# Connecting ground wires



## subelect

My question is regarding connecting ground wires from 2 separate circuits in the same plastic nail on box.
Yesterday, I was installing a small appliance branch circuit in a 2 gang plastic box and the boss ran a 14-2 into the same box for a can light. At the end of the day, I was trimming out and he specifically said to make sure that the grounds were *not* tied together. It was pretty hectic and I did not want to ask his reasoning until I had researched it a little better.
Usually, I tie all grounds in the same plastic box together and leave one ground stubbed out for each device that will be installed in the box.
What is the correct method: tie all together or leave the circuits apart?
What is the NEC reference for this?
Thanks


----------



## JohnJ0906

250.148 and 250.148(D)

This is a debatable point. I used to separate them, but now I do tie them together. I'm not sure that either way is wrong.

In the situation you describe (fairly common), I tie the EGC of each gauge separately, and use a #12 jumper between the splices.

If you are using metal plates, the EGCs will be connected through the plate anyway.


----------



## Speedy Petey

I am firmly on the side of tying them together, for exactly the code sections mentioned by John.

Ask your Boss for a code section prohibiting this.


----------



## 480sparky

What about 310.4?


----------



## Tiger

I rarely run NM so I haven't thought of this aspect before, but if you consider the same branch circuit system in emt all the grounding is together with no code violation.

Dave


----------



## JohnJ0906

480sparky said:


> What about 310.4?


Doesn't apply to EGCs, IMO.

The first sentence talks about conductors compromising each " phase, polarity, neutral, or grounded circuit conductors" No mention of EGCs.


----------



## leland

All together here. Makes a nice ground ring, redundance is good for a ground.


----------



## chenley

Have tied them all together myself and have never heard of not doing so.
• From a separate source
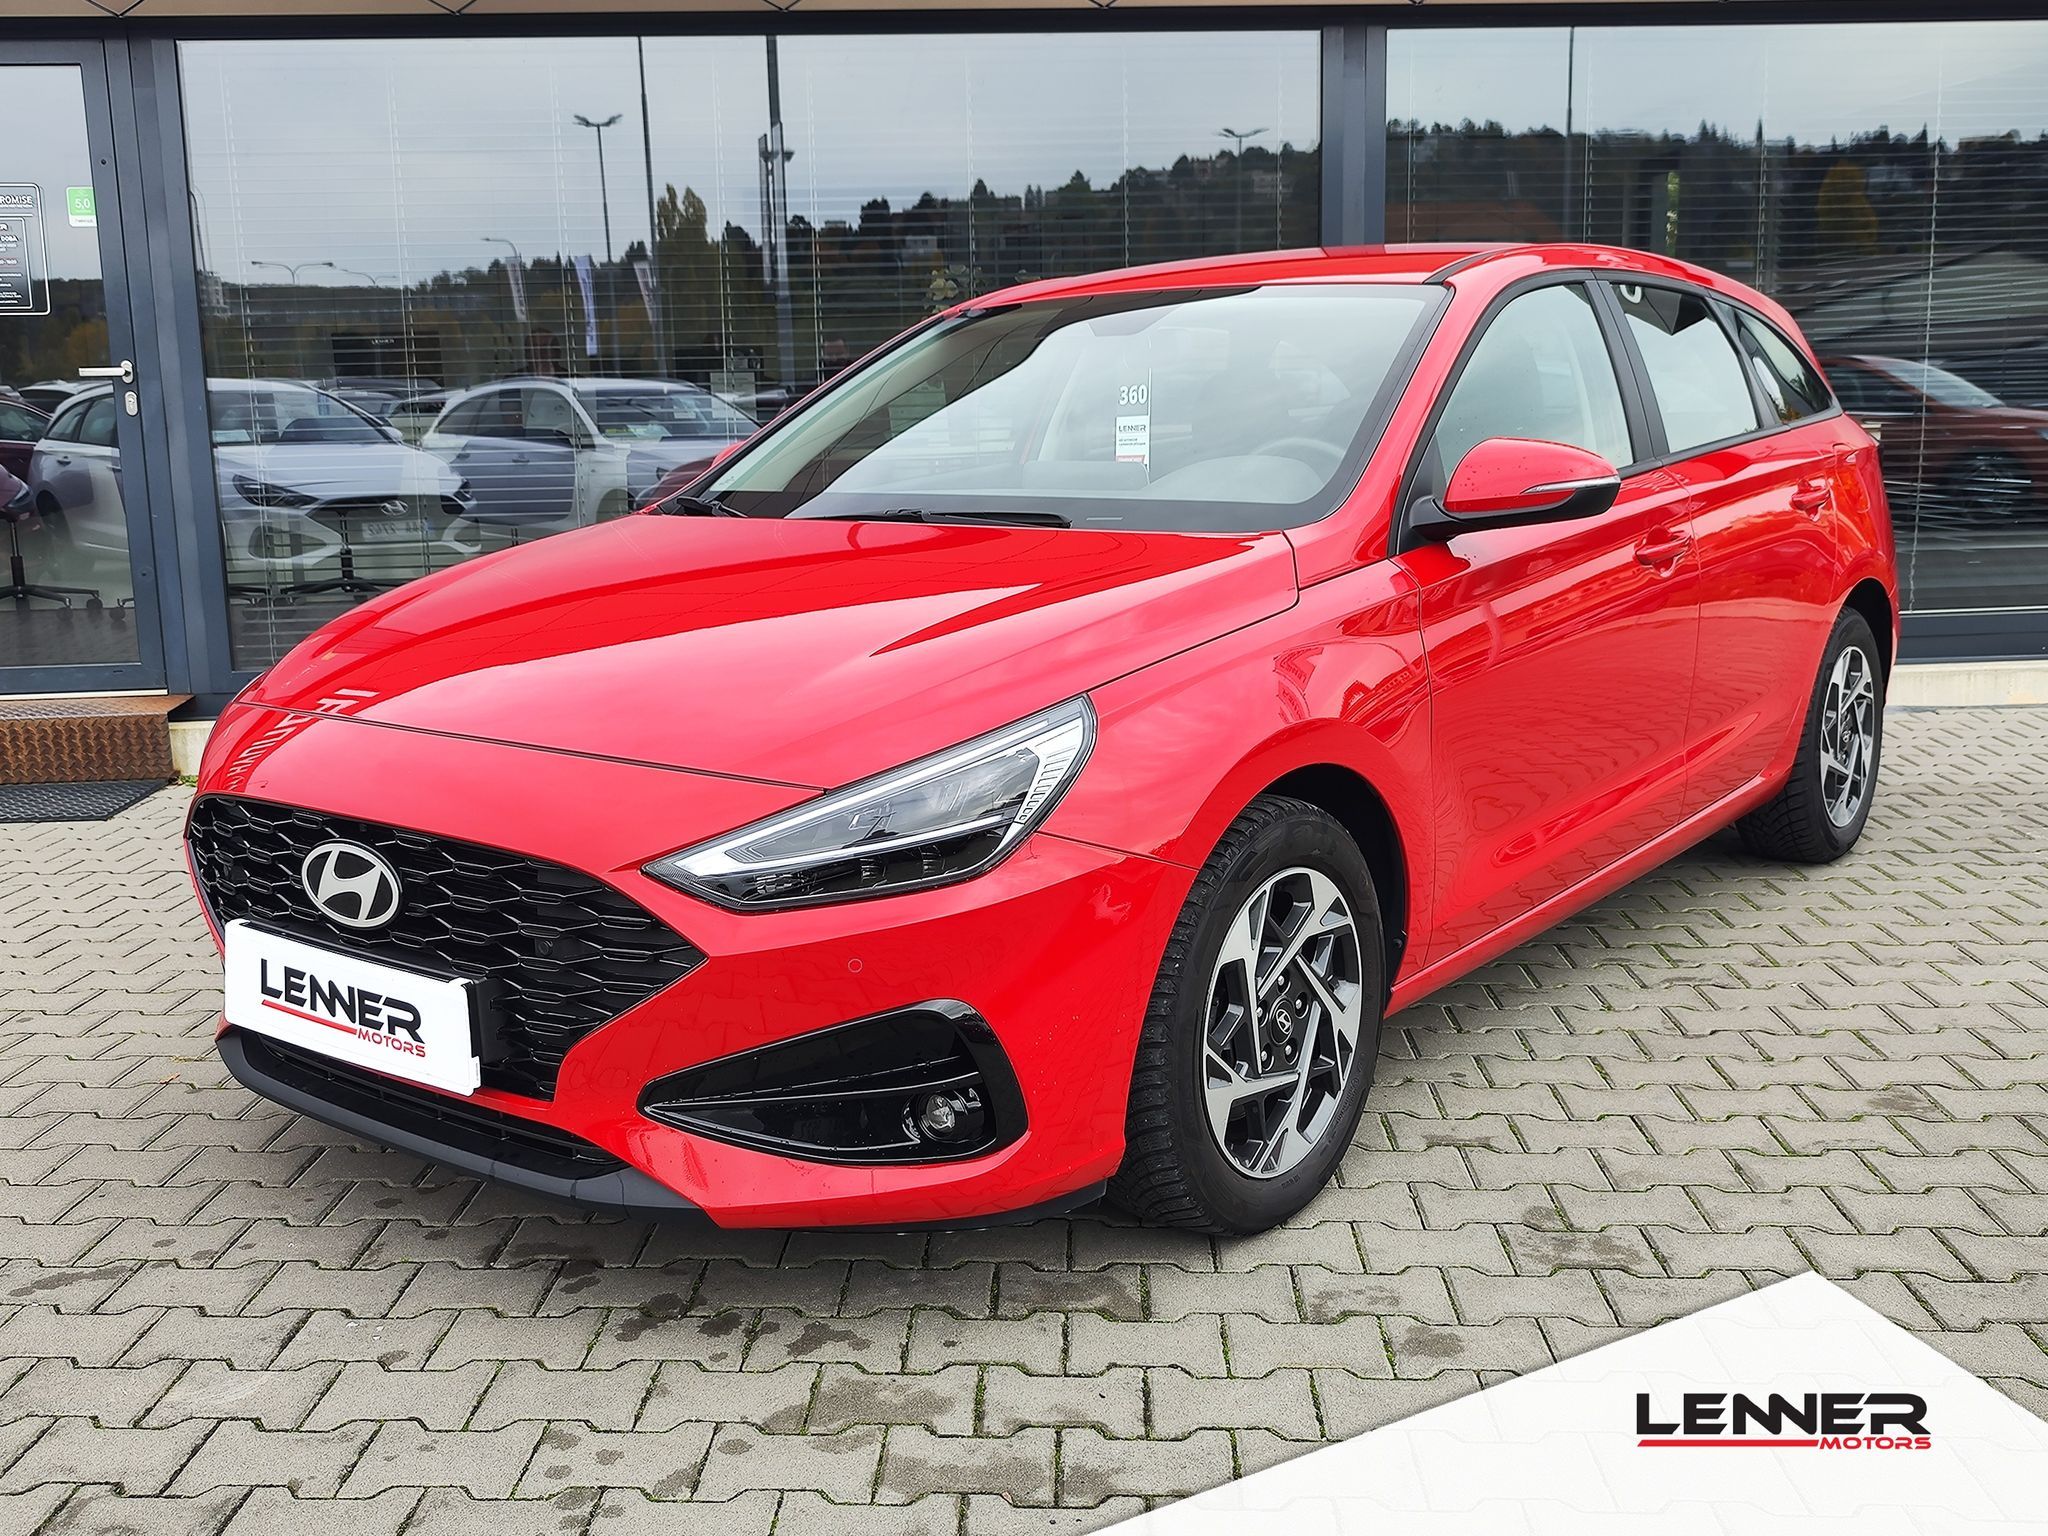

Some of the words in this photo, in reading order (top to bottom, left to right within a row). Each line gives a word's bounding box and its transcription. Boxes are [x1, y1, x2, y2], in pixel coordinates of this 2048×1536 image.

Oddly enough just got back from installing pigtails in all the metal boxes that I had overlooked for inspection tomorrow.


----------



## gilbequick

It's NM, the grounds are bare wires so it's next to impossible to truly separate them in the box without touching. Also like said above, if a metal plate is used all that separating went to poo and the last time I checked metal plates were ok to use.... Ground wires are also not current carrying conductors so it's not like you're going to overload it.

Now here's something you guys can debate about: If different gauge wires are run into the same box and all of the grounds are tied together, do all of the ground pigtails have to be the largest gauge used?


----------



## SparksNY

subelect said:


> My question is regarding connecting ground wires from 2 separate circuits in the same plastic nail on box.
> Yesterday, I was installing a small appliance branch circuit in a 2 gang plastic box and the boss ran a 14-2 into the same box for a can light. At the end of the day, I was trimming out and he specifically said to make sure that the grounds were *not* tied together. It was pretty hectic and I did not want to ask his reasoning until I had researched it a little better.
> Usually, I tie all grounds in the same plastic box together and leave one ground stubbed out for each device that will be installed in the box.
> What is the correct method: tie all together or leave the circuits apart?
> What is the NEC reference for this?
> Thanks


Maybe he meant the neutrals, or grounded conductors. You should tie all the ground wires together, albeit in reality it really doesn't matter as long as none are disconnected.


----------



## cmec

Try to have only 1 circuit in a gang box , If you cant Never tie all the neutrals together from differnt 2 wire circuits in a gang box the current will take the path of least resistance back and possibly overload 1 of the neutrals, Unless its a multi wire branch circuit, then tie em all together.


----------



## Speedy Petey

cmec said:


> Try to have only 1 circuit in a gang box , ......


Why would this be?


----------



## gilbequick

cmec said:


> Try to have only 1 circuit in a gang box


If you've wired anything up bigger than a shed, this can be tough to accomplish at times!


----------



## 480sparky

cmec said:


> Try to have only 1 circuit in a gang box , If you cant Never tie all the neutrals together from differnt 2 wire circuits in a gang box the current will take the path of least resistance back and possibly overload 1 of the neutrals, Unless its a multi wire branch circuit, then tie em all together.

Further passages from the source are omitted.